» WHAT NEEDS TO BE DONE
Pictures should be excluded; otherwise, copy every entry exactly.

Annotated photo localization data:

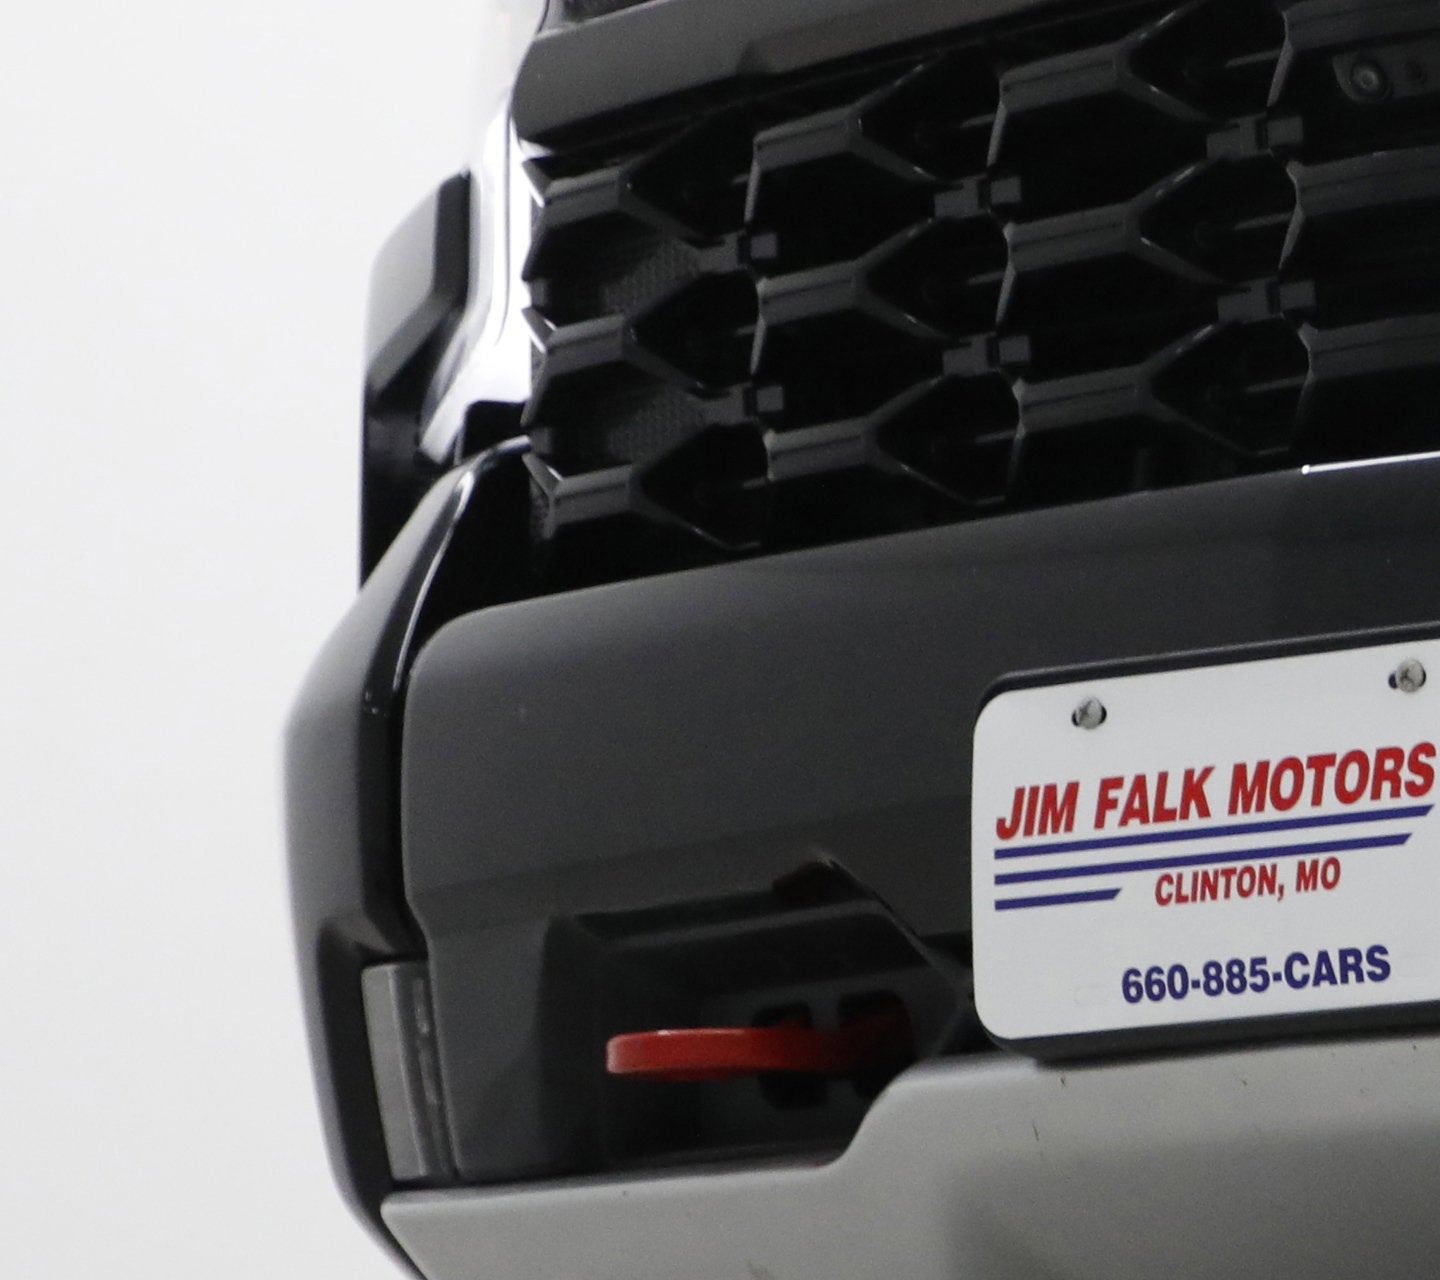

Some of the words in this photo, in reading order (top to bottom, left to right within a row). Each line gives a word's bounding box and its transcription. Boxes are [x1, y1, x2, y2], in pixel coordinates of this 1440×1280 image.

[996, 781, 1080, 841] JIM
[1094, 766, 1215, 830] FALK
[1227, 742, 1437, 816] MOTORS
[1155, 864, 1285, 907] CLINTON,
[1296, 856, 1342, 892] MO
[1121, 943, 1391, 1004] 660-885-CARS

» SOLUTION TO THIS EXERCISE
Some of the words in this photo, in reading order (top to bottom, left to right within a row). Each line gives a word's bounding box and its transcription. Boxes are [x1, y1, x2, y2], in pixel coordinates of this 1440×1280 image.

[996, 781, 1080, 841] JIM
[1094, 766, 1215, 830] FALK
[1227, 742, 1437, 816] MOTORS
[1155, 864, 1285, 907] CLINTON,
[1296, 856, 1342, 892] MO
[1121, 943, 1391, 1004] 660-885-CARS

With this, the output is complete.